On renewable fuel credits, the agency proposed limits on how many of the credits a participant can hold, and a mandate to retire credits in the first three-quarters of a compliance year.

Participation would be limited for renewable credits for certain types of fuel, as would the amount of time certain participants could hold them.

Parties that aren’t obligated under the RFS, for instance, would have to sell or retire the same number of credits as they obtained in a quarter, the agency said.

EPA plans to hold a public hearing on the proposal March 29, the agency said.

Organizations supporting wider availability of E15 fuel praised the proposal and encouraged pro-E15 parties to help the agency craft a final rule that could stand up to court challenges.

“Time is of the essence, particularly since EPA insists on saddling the E15 rulemaking with controversial [renewable identification number] reforms that will need to be carefully reviewed to ensure they don’t undermine ethanol demand,” the American Coalition for Ethanol said in a statement. Renewable identification numbers, or RINs, are the credits in question.

The Fueling American Jobs Coalition, which has urged changes to the renewable fuel credits, welcomed EPA’s decision to combine the proposals and pressed the agency to take actions to increase market transparency and limit market speculation and manipulation. The coalition includes small refiners, union workers at refineries and small retailers opposed to ethanol mandates.

“The Coalition is pleased that EPA has adhered to the clear and unmistakable position articulated by the President that policy in this area must reflect a careful balance between the need to maintain jobs and investment in the vital refining sector and the desire of some in the biofuels sector to expand the use of higher blends of ethanol,” the group said in a statement.

Ethanol advocates said seasonal restrictions on E15 sales are the biggest stumbling block to making the fuel available at more gas stations than the roughly 1,600 that currently offer it. The restrictions are grounded in ozone-related rules at EPA, which require a waiver for sales in summer.
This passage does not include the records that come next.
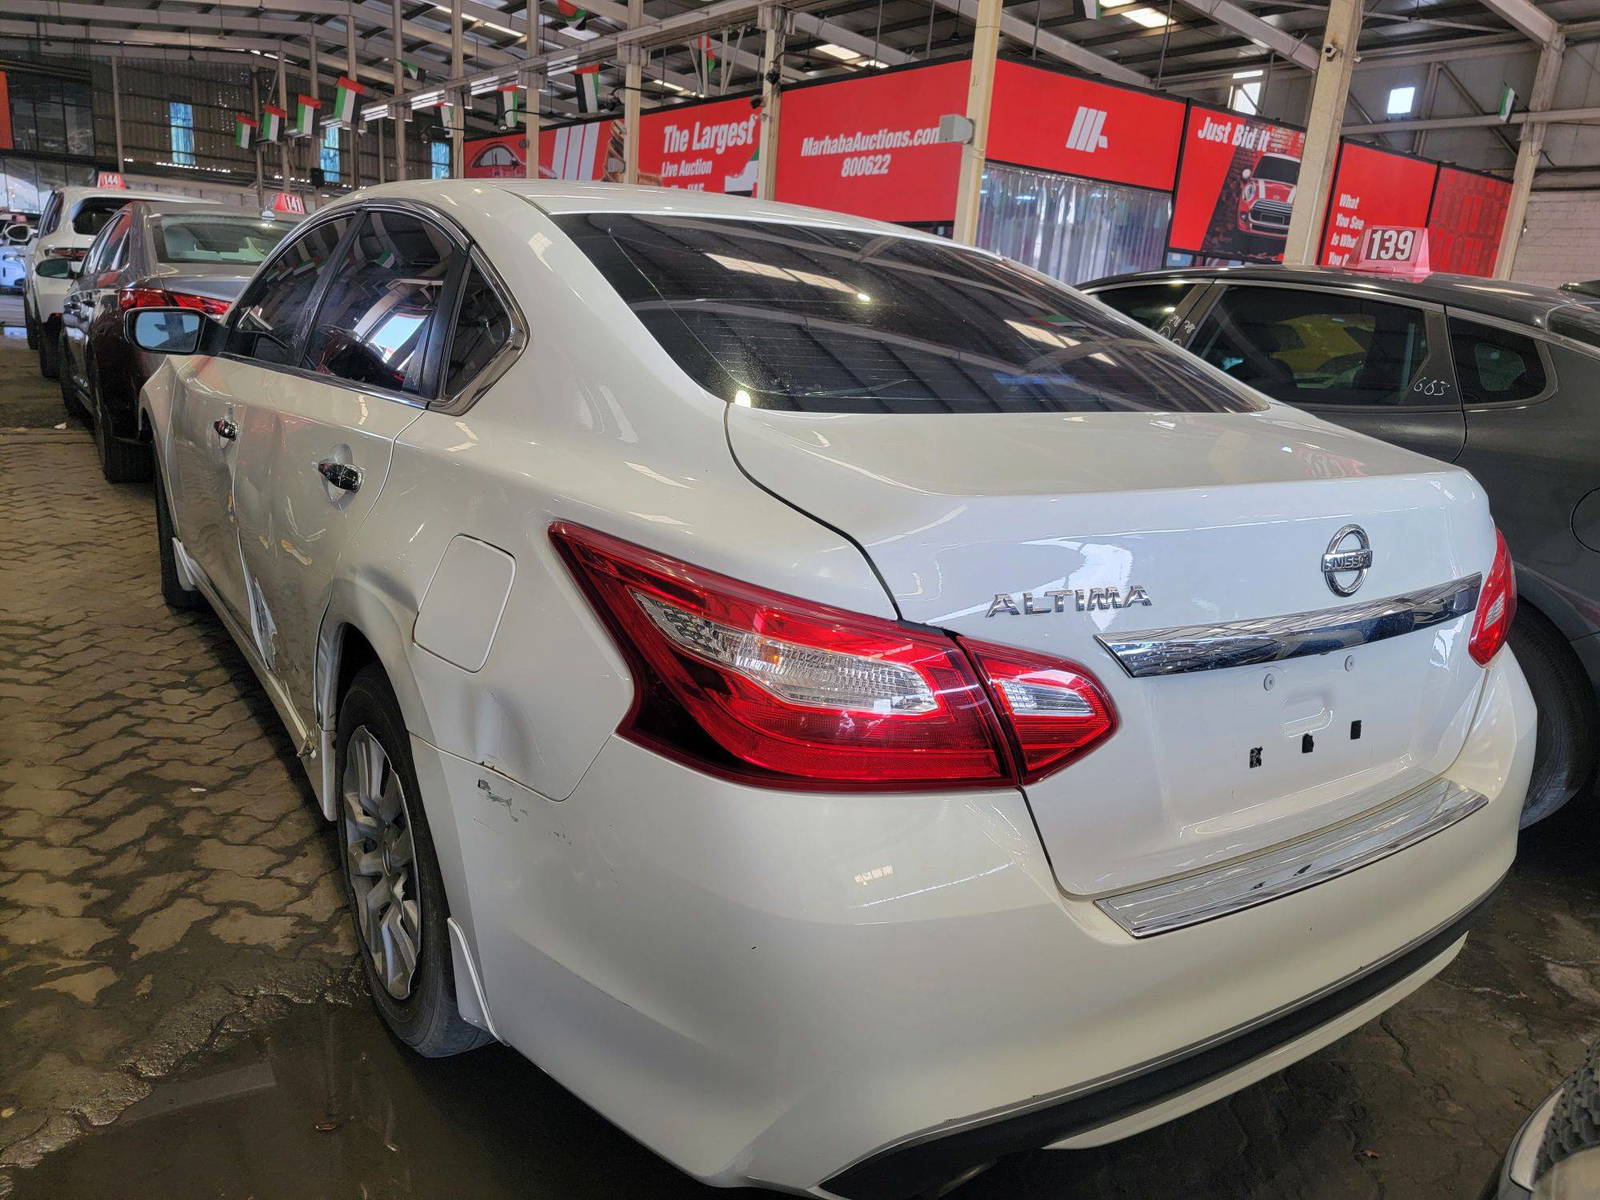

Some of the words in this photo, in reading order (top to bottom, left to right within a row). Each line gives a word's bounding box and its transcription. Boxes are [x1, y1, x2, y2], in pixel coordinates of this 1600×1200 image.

[663, 124, 689, 154] The
[691, 114, 757, 155] Largest
[800, 126, 940, 157] MarhabaAuctions.com
[1197, 117, 1232, 144] Just
[1231, 123, 1258, 149] Bid
[661, 162, 678, 178] Live
[679, 158, 713, 177] Auction
[841, 154, 891, 178] 800622
[102, 175, 119, 186] 144
[285, 197, 301, 212] 141
[1338, 193, 1360, 210] What
[1335, 213, 1350, 228] You
[1349, 215, 1365, 231] See
[1370, 230, 1414, 260] 139
[985, 584, 1152, 619] ALTIMA
EPA undertook similar moves years ago to make E10, which is 10 percent ethanol, the year-round standard in most of the country. But organizations such as the American Petroleum Institute say the agency is on softer legal ground with E15 and have threatened to sue EPA.
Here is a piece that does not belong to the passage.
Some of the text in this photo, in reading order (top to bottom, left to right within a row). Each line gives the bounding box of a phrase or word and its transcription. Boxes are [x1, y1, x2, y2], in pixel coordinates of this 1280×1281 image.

E15 is a relatively cheap way to boost octane, supporters say, and most vehicles on the roads are designed to run on it.

While expanding sales of E15 is the ethanol industry’s top priority, revamping the renewable fuel credits is a top pursuit for refiners, who say they’re hurt financially when prices for the credits spike. Refiners that don’t blend ethanol are required to buy the credits, RINs, to demonstrate compliance with the RFS.

API said that it opposes both proposals and that Congress should scrap the RFS altogether. The changes to renewable fuel credits could increase costs for fuel producers, which could be passed along to consumers, API said.

Today’s proposal doesn’t guarantee that E15 will be available this summer, as the agency must complete final rules after a public comment period. The agency defines high-ozone season as June 1 to Sept. 15; the “regulatory control period” for fuel volatility rules at EPA begins May 1, the agency said.

But Trump has promised to make sales possible this summer, putting extra pressure on EPA Administrator Andrew Wheeler to deliver the final rule in time.

It remains unclear how quickly gas stations that don’t already sell E15 will add it to their pumps. In some cases, it would require new equipment, an investment that some companies haven’t been willing to make.

Gas stations in 30 states offer E15, according to the Renewable Fuels Association, a trade group. Beginning in 2016, more fuel terminals in Illinois, Arkansas and other states started making E15 available, paving the way for distribution to gas stations, the group said.

Critics launched campaigns to slow the fuel’s growth, pointing to potential damage to small engines in boats, motorcycles and garden equipment posed by ethanol.